##### Provided records #####

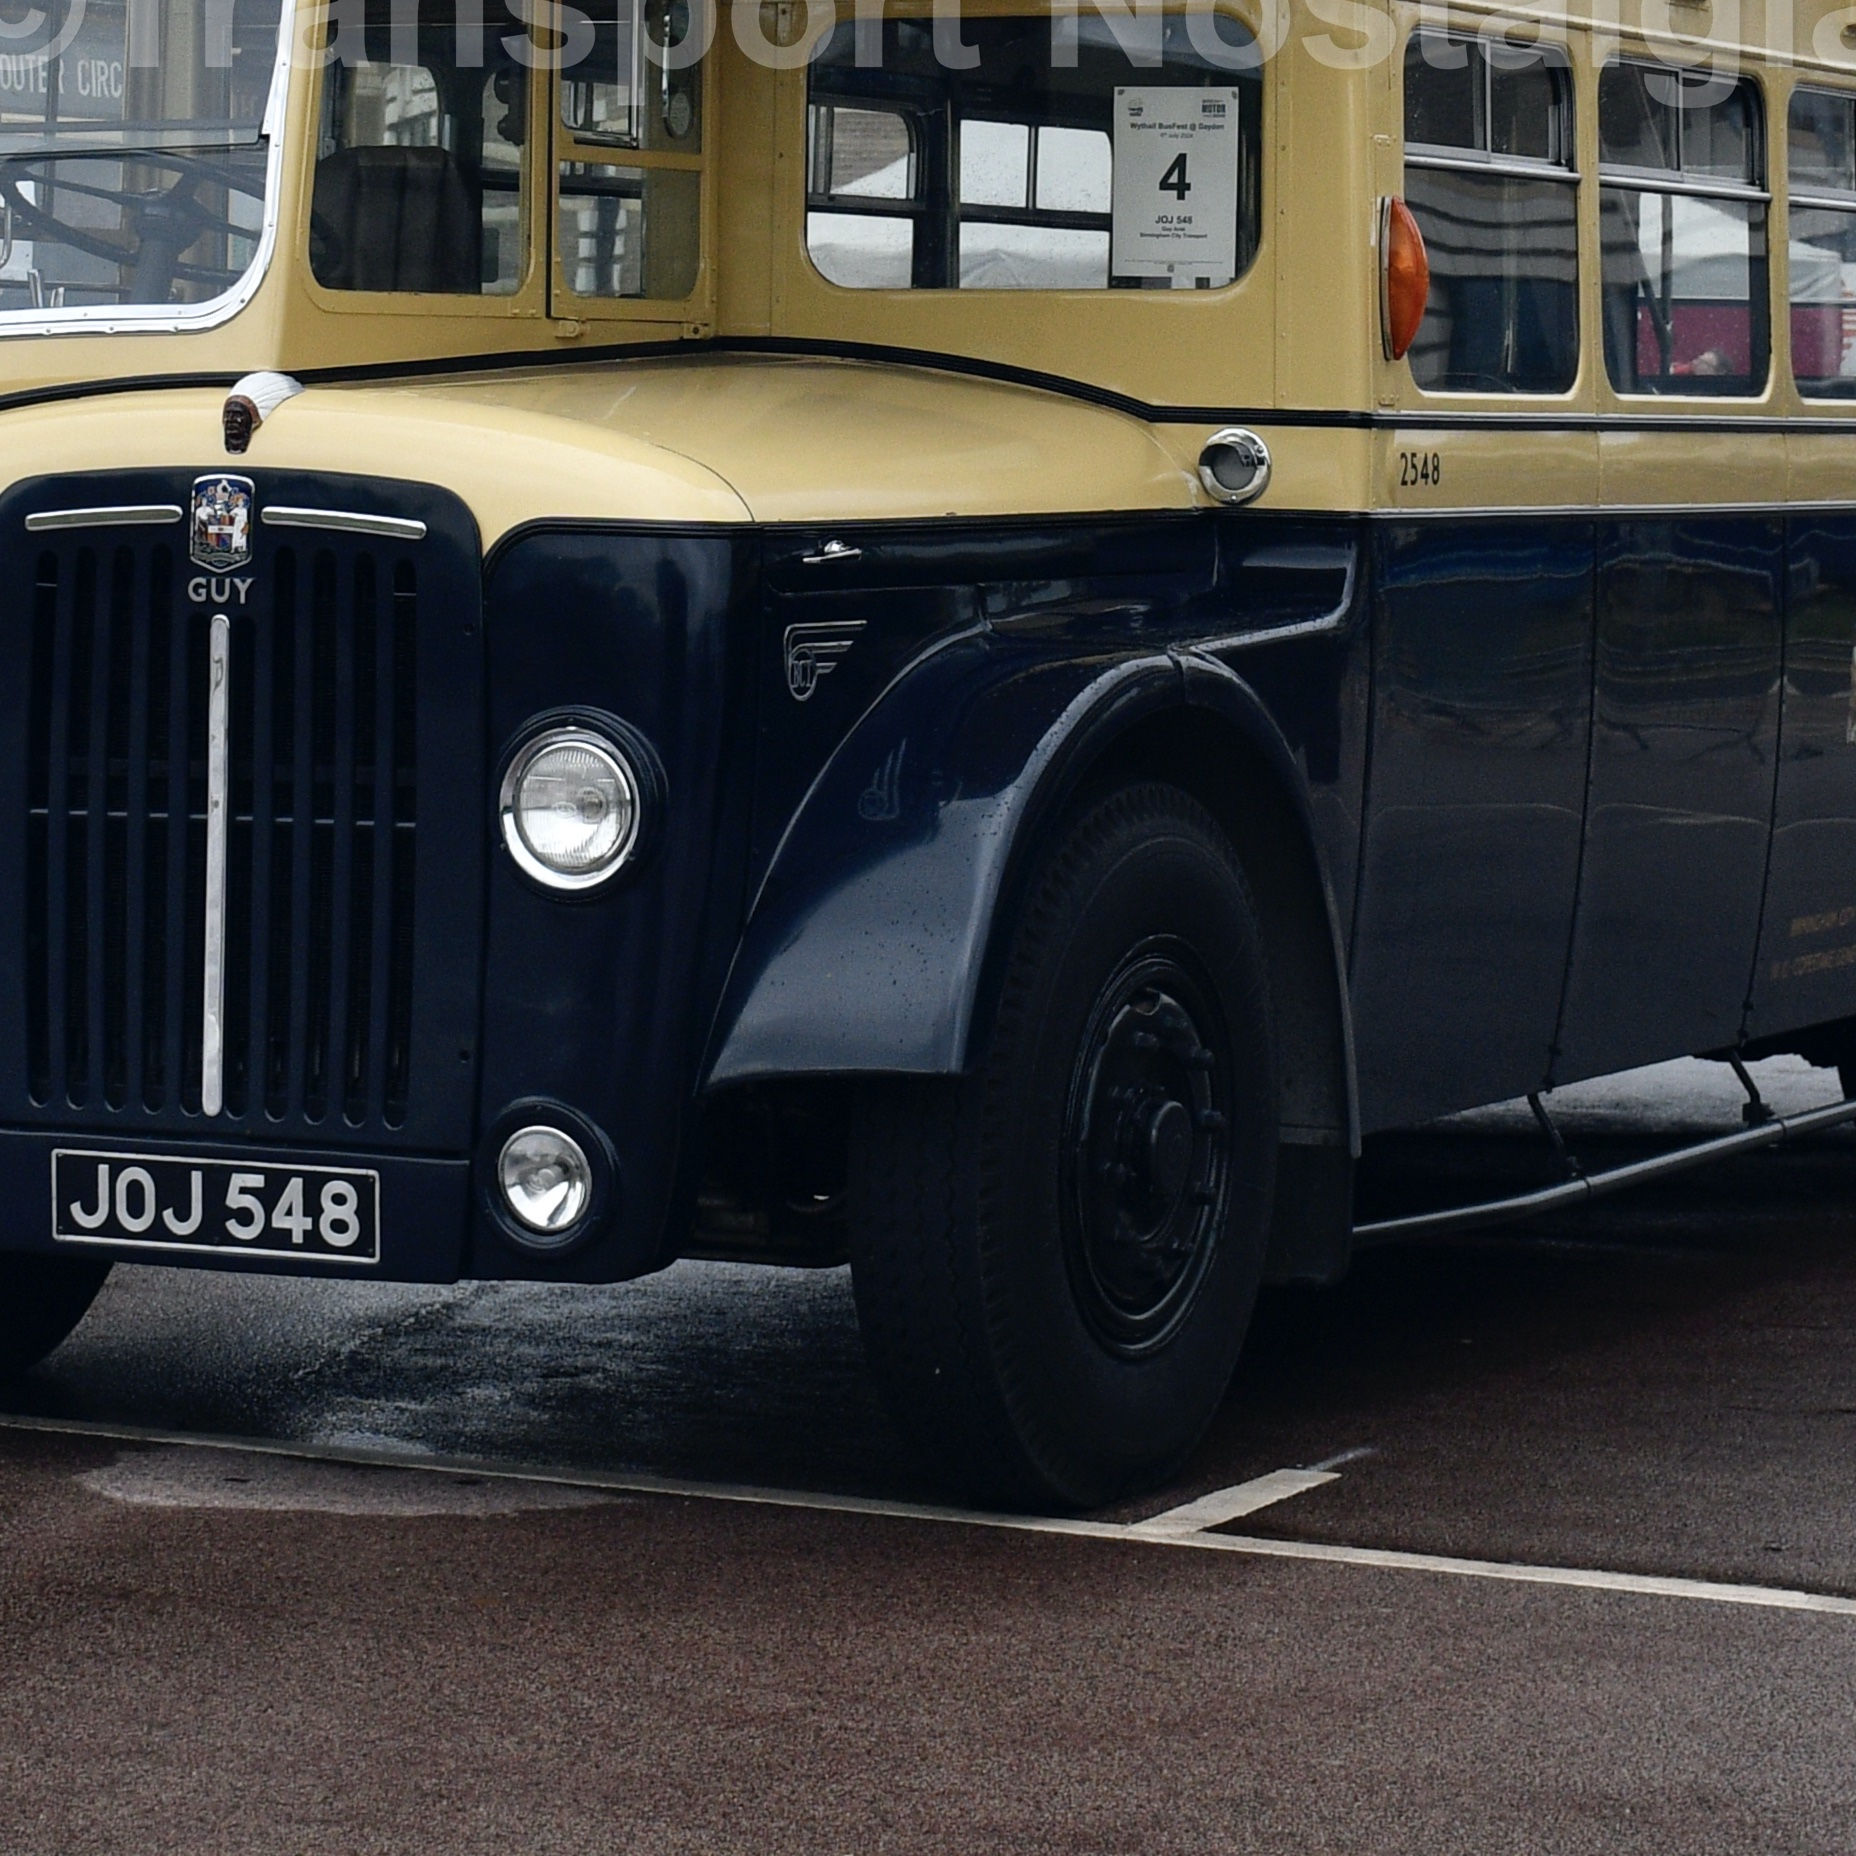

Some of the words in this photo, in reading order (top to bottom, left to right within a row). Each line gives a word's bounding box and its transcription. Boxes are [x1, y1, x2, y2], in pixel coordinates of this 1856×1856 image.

[1159, 153, 1191, 200] 4
[1155, 215, 1173, 224] JOJ
[1177, 216, 1192, 224] 548
[1400, 452, 1440, 486] 2548
[188, 577, 255, 604] GUY
[70, 1164, 202, 1236] JOJ
[225, 1172, 360, 1248] 548

#####

Could you reproduce every record above exactly, leaving out the pictures?

▶ [Solution for this exercise]
Some of the words in this photo, in reading order (top to bottom, left to right within a row). Each line gives a word's bounding box and its transcription. Boxes are [x1, y1, x2, y2], in pixel coordinates of this 1856×1856 image.

[1159, 153, 1191, 200] 4
[1155, 215, 1173, 224] JOJ
[1177, 216, 1192, 224] 548
[1400, 452, 1440, 486] 2548
[188, 577, 255, 604] GUY
[70, 1164, 202, 1236] JOJ
[225, 1172, 360, 1248] 548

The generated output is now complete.